I am not suggesting in any way that this sort of questionable financial relationship between drug makers and doctors has anything to do with the medications prescribed for Charlie by his pediatric neurologist, a compassionate man whom we have known for a long time and with whom we communicate well. Charlie takes Risperdal to help him deal with aggressiveness and self-injurious behavior; he takes the Zoloft for anxiety (and there is a link between the anxiety and the behaviors, with the former often preceding the latter). When our doctor first prescribed these medications, he looked at us sternly and said words to the effect of, “But you have to use these in conjunction with a solid educational program. The medicine is only part of it.” Indeed: The medication helps a lot (as we know from attempts to lessen the dosage or to take Charlie off of it), but we have also spent the past two years teaching Charlie how to recognize and communicate his own anxiety (such as asking for a break). This has proved successful by Charlie’s continued long string of peaceful easy-feeling days, despite changes and worries around him (my parents visiting and departing; Charlie’s other grandparents being sick and their usual live-in nurse going on vacation and someone new substituting).

This is all to say, I do not think it would have been right only to give Charlie medication without trying to teach him how to learn other ways of coping with his anxiety and the behaviors he has tended to do when anxious. The New York Times article opens with the story of Anya Bailey who, when she developed an eating disorder after her 12th birthday, was prescribed Risperdal, which is

…… not approved to treat eating disorders, but increased appetite is a common side effect and doctors may prescribe drugs as they see fit. Anya gained weight but within two years developed a crippling knot in her back. She now receives regular injections of Botox to unclench her back muscles. She often awakens crying in pain.
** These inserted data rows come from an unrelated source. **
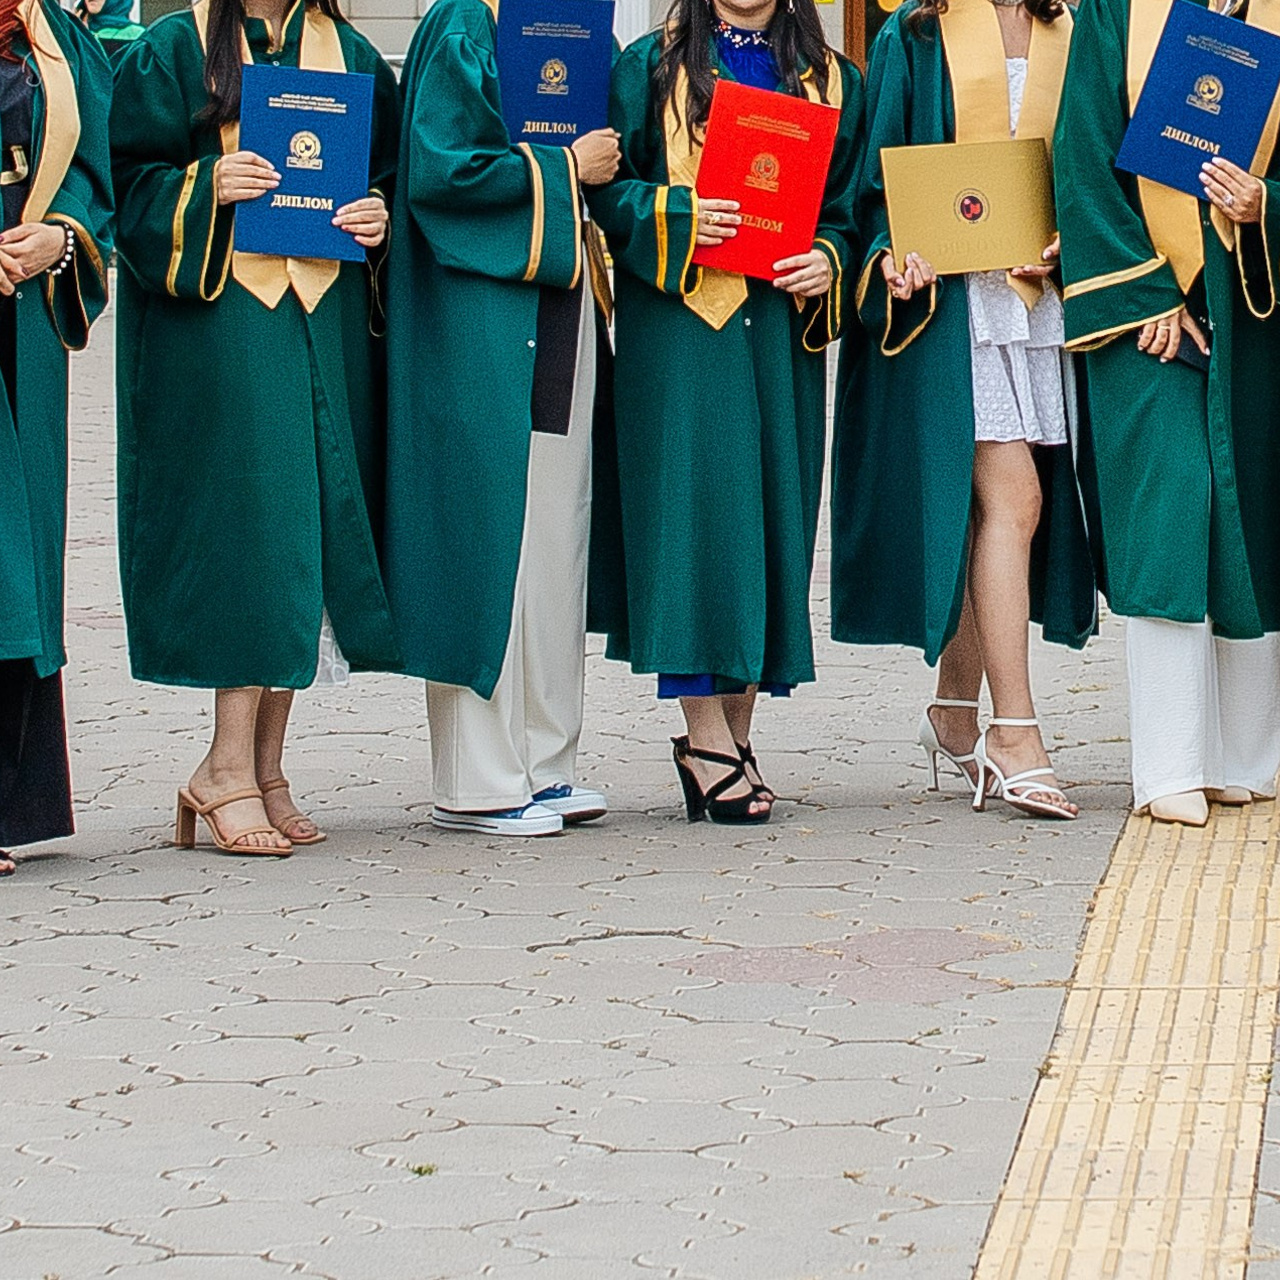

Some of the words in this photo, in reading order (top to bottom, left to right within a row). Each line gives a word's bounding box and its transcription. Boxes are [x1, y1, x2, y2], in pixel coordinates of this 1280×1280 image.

[522, 121, 577, 134] ДИПЛОМ
[1161, 125, 1221, 156] ДИПЛОМ
[271, 194, 333, 210] ДИПЛОМ
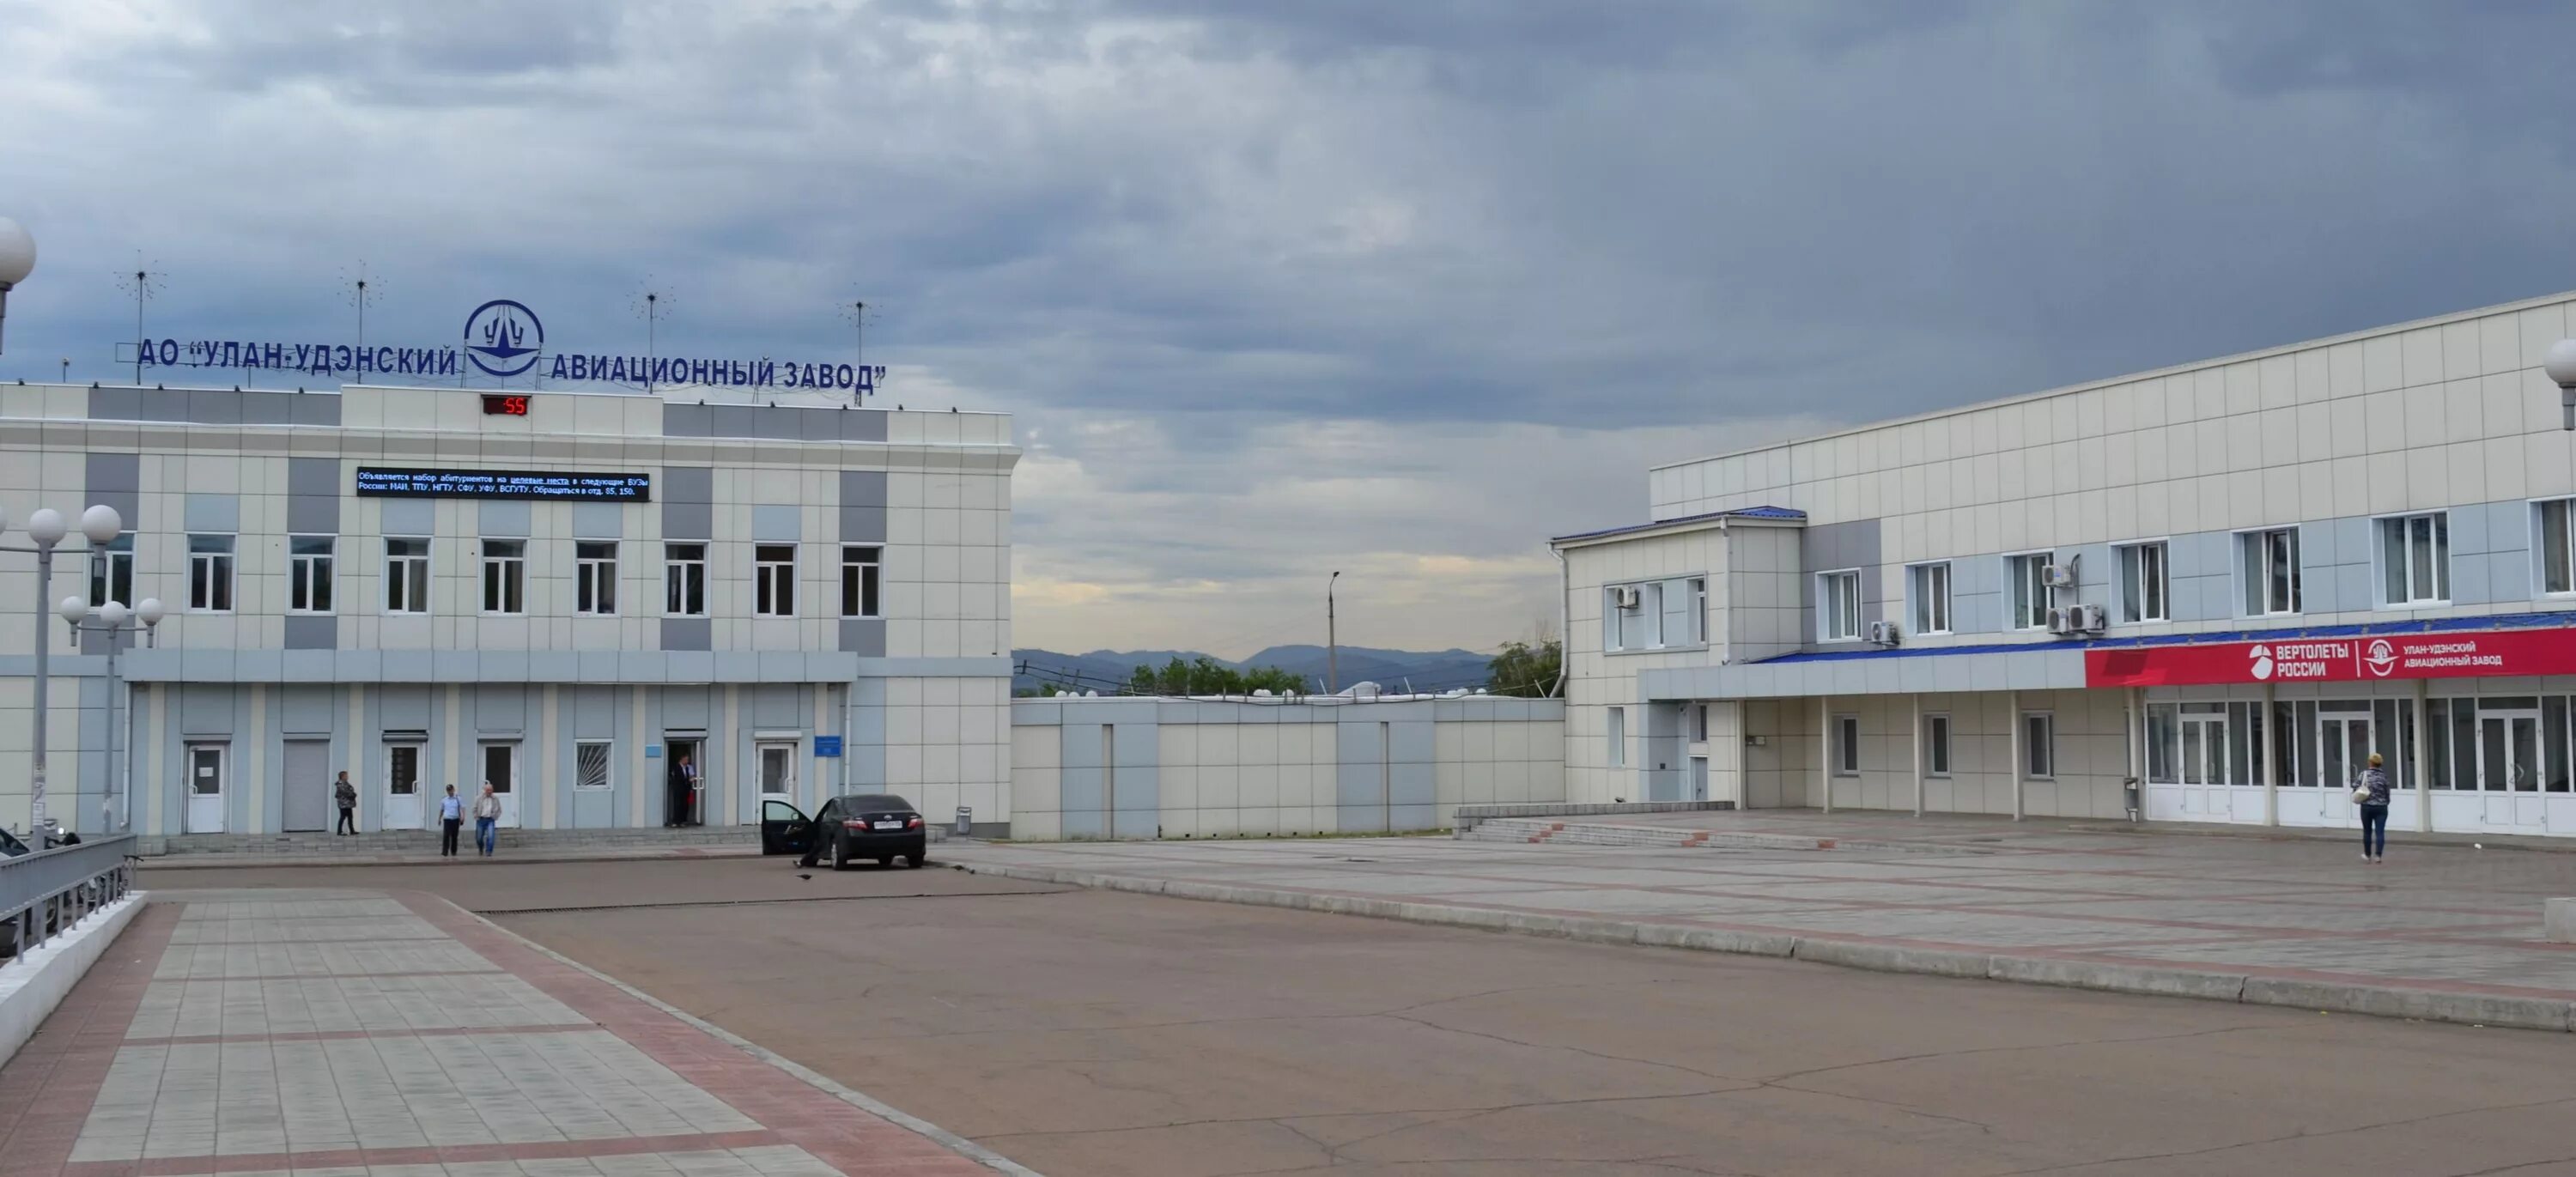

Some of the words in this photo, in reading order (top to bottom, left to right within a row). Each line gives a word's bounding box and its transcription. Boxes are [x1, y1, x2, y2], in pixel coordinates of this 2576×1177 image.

[137, 338, 179, 367] АО
[550, 354, 774, 387] АВИАЦИОННЫЙ
[358, 472, 410, 481] Объявляется
[413, 474, 436, 482] набор
[440, 474, 494, 483] абитуриентов
[533, 486, 580, 494] Обращаться
[2276, 643, 2349, 660] ВЕРТОЛЕТЫ
[2403, 640, 2476, 654] УЛАН-УДЭНСКИЙ
[2404, 654, 2471, 668] АВИАЦИОННЫЙ
[2472, 655, 2502, 666] ЗАВОД
[2277, 662, 2326, 677] РОССИИ
Isabella Bailey, Anya’s mother, said she had no idea that children might be especially susceptible to Risperdal’s side effects. Nor did she know that Risperdal and similar medicines were not approved at the time to treat children, or that medical trials often cited to justify the use of such drugs had as few as eight children taking the drug by the end.
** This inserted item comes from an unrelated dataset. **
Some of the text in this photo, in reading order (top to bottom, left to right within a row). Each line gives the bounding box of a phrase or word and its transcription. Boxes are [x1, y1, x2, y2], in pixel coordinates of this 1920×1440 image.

Just as surprising, Ms. Bailey said, was learning that the university psychiatrist who supervised Anya’s care received more than $7,000 from 2003 to 2004 from Johnson & Johnson, Risperdal’s maker, in return for lectures about one of the company’s drugs.

When questioned about why Risperdal was prescribed for Anya Bailey, Dr. George M. Realmuto, a psychiatrist at the University of Minnesota, said that

he did not remember Anya’s case, but speaking generally he defended his unapproved use of Risperdal to counter an eating disorder despite the drug’s risks. “When things are dangerous, you use extraordinary measures,” he said.

Yes, true; in Charlie’s case, we chose to start giving him medication because his behaviors were interfering completely with his learning and were increasing in severity and quantity. Again, this was done while putting into place educational and therapeutic programs to teach Charlie to cope; there are certainly programs (such as the Maudsley approach as well as behavioral treatment) to help someone with an eating disorder get better. The New York Times does not indicate what sort of therapeutic program Anya was in, or whether such was used in conjunction with the medication. It also does not seem that her family was sufficiently warned about the side-effects of Risperdal (our neurologist was very careful to discuss the increasing appetite and tardive dyskinesia, which Anya now has, with us).

I suppose it is stories like Psychiatrists, Children and Drug Industry’s Role in the New York Times that make me wary of the notion of a “magic pill.” When things are dangerous, every last side-effect, evey last detail, every other option, needs to be considered.